In working condition, a suction nozzle (not represented), also known as a suction head, is normally connected to the fluid inlet 5 by a suction tube (not represented) generally comprising a rigid portion and a flexible portion. The suction assembly 100, the suction nozzle and the suction tube form a sled-type vacuum cleaner. During a floor cleaning operation, the user of a sled-type vacuum cleaner holds the nozzle via a handle provided on the rigid portion of the suction tube or attached to the suction tube. When the main wheels of the sled-type vacuum cleaner are not motor-driven, the handle and the suction tube enable the user to pull the suction assembly 1 which, thanks to the main wheels 10, 11, rolls over the floor to be cleaned.

The suction nozzle and the suction tube are parts of a sled-type vacuum cleaner that are known to a person skilled in the art. This is why the suction nozzle and the suction tube are not represented in the figures and are not described in more detail in this description.

The suction assembly 100 further comprises a protective structure 20 for protecting the main wheels 10, 11 which is disposed outside the case 3 of the main body 2 and which extends at a distance from the external wall 4 of the case 3. The protective structure 20 covers a portion 12a, 13a of the tread 12, 13 of each main wheel.

The main body 2, the main wheels 10, 11 and the protective structure 20 form the suction assembly 100.

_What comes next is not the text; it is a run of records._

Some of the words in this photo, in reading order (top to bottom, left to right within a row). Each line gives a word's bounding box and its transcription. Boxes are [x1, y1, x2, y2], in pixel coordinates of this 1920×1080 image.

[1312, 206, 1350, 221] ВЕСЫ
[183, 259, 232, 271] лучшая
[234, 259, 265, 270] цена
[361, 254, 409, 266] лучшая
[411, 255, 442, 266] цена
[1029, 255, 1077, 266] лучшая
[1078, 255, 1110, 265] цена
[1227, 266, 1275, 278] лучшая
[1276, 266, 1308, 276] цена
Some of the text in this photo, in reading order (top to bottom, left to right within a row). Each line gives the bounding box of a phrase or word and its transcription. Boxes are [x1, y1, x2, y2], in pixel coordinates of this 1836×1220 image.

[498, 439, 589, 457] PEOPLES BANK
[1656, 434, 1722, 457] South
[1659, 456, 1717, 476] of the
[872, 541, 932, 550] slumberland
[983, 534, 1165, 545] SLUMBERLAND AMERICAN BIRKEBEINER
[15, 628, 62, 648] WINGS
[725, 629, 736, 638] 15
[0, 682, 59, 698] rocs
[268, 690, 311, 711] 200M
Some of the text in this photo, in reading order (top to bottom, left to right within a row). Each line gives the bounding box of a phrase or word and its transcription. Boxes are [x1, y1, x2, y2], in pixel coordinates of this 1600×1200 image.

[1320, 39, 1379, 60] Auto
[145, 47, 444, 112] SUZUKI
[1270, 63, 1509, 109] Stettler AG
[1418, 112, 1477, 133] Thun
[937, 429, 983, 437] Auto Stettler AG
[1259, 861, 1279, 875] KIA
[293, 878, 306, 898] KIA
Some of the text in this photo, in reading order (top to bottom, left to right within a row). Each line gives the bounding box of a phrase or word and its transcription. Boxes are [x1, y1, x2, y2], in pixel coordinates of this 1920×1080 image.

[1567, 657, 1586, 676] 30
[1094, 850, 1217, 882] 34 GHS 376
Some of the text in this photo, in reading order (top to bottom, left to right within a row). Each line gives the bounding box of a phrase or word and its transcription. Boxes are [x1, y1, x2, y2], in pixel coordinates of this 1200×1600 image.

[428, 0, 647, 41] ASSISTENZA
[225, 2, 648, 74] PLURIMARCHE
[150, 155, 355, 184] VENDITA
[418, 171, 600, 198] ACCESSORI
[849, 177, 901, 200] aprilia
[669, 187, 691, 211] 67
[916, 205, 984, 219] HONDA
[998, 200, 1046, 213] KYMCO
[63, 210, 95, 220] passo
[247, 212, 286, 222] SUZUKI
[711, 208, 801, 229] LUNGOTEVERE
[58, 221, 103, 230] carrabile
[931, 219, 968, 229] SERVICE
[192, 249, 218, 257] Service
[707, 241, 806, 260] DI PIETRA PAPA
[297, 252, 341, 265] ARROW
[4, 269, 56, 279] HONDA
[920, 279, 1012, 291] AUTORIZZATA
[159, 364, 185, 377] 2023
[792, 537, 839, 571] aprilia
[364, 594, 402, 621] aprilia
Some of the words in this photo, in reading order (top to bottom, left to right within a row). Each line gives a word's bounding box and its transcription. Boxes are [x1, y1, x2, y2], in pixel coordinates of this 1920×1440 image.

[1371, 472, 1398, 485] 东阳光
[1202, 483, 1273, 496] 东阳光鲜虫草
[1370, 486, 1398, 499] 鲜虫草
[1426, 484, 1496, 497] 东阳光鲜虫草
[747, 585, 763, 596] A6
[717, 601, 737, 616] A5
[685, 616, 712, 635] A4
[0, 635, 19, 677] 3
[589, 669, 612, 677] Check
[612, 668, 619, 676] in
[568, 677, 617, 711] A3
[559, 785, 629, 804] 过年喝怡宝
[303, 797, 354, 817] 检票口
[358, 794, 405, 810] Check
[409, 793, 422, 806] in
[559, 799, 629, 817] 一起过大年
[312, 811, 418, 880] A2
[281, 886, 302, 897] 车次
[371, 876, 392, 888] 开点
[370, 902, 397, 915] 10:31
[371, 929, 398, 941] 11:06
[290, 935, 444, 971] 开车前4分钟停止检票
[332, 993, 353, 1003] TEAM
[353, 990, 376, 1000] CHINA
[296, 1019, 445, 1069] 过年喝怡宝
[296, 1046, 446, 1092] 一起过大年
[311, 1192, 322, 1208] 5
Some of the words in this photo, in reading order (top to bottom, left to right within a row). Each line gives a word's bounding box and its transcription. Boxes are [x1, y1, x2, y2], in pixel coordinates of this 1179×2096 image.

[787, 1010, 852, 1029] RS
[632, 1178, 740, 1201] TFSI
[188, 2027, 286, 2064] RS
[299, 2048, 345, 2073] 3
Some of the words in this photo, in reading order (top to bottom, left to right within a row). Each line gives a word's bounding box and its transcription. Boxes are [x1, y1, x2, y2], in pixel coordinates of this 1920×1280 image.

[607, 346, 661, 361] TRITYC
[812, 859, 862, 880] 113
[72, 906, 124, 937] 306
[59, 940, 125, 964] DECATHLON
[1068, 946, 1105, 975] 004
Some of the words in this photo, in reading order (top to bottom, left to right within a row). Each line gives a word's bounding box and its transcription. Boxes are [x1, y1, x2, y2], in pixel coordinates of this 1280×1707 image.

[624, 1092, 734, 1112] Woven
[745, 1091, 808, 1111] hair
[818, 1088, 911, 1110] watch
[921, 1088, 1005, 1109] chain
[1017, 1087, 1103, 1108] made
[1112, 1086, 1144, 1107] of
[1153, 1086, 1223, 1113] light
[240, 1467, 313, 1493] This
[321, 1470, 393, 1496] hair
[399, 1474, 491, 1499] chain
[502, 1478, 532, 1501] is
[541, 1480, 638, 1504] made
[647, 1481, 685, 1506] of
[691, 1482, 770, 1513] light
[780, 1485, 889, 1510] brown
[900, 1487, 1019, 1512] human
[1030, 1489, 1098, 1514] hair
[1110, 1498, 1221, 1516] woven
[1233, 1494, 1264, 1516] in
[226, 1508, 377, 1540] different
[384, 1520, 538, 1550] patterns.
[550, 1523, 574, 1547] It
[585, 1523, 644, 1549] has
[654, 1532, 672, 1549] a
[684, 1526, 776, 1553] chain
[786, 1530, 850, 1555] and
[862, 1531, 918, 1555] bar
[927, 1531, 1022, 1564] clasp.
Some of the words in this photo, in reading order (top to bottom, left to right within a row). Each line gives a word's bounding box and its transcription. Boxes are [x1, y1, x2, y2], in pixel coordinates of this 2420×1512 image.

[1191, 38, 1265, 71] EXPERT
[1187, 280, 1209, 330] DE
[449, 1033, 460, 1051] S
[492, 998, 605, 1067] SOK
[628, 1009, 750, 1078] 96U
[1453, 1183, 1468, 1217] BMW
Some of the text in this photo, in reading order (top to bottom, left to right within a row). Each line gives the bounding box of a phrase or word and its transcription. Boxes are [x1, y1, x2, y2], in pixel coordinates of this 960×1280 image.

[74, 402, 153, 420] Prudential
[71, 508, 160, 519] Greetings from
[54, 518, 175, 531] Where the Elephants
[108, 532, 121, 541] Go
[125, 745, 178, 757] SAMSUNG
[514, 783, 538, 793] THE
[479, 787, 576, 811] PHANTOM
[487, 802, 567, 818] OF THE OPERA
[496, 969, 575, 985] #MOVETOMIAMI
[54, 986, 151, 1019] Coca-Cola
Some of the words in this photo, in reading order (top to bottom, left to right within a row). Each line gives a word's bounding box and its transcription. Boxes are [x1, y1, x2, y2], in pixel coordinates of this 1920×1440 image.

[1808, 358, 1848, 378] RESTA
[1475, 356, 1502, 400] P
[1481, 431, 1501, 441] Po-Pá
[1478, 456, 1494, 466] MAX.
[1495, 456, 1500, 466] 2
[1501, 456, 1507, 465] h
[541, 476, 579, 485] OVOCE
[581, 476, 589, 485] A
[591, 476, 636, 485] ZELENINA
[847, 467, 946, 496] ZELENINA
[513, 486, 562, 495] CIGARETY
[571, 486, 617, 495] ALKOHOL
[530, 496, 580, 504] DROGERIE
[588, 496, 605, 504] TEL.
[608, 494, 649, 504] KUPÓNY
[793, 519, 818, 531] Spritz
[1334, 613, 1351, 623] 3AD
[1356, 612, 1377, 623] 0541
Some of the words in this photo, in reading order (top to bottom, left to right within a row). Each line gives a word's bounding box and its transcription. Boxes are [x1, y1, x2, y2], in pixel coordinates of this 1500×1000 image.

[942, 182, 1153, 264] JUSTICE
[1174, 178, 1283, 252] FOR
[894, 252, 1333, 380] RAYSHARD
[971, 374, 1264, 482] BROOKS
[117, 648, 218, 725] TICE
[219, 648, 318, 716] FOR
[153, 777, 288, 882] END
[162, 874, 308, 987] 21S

More specifically, the protective structure 20 covers a portion 12a, 13a, having a circular shape, of each tread 12, 13. Preferably, the protective structure 20 covers an angular sector S1 of each tread which is larger than 90° and advantageously comprised between 90° and 130°. In the example of FIG. 2, the covered angular sector is about 115°. Hence, the protective structure 20 allows protecting the main wheels 10, 11 from part of the shocks that they could suffer when encountering obstacles during the movements of the suction assembly 100 of the floors to be cleaned. Hence, the protective structure 20 allows protecting the main wheels 10, 11 and increasing the service life of the main wheels 10, 11. The protective structure 20 is particularly suitable when the main wheels 10, 11 are large diameter wheels as represented in the figures. Indeed, main wheels 10, 11 with large diameters are more exposed to shocks when the suction assembly moves over a floor to be cleaned. Moreover, by being disposed outside the case 3 and extending at a distance from the external wall 4, the protective structure 20 allows protecting at least partially the main wheels 10, 11 with large diameters without having to oversize the case 3 of the main body 2.

In the context of the present invention, main wheels 10, 11 are considered to have large diameters when their external diameter, corresponding to the diameter of the tread 12, 13 of each main wheel 10, 11, is larger than ⅔ the height H of the main body 1 measured from a horizontal surface on which the main wheels 10, 11 rest. The height H of the main body 2 is measured from a horizontal ground on which the main wheels 10, 11 are placed. The height H of the main body 2 is measured without counting the additional height that the protective structure 20 might represent.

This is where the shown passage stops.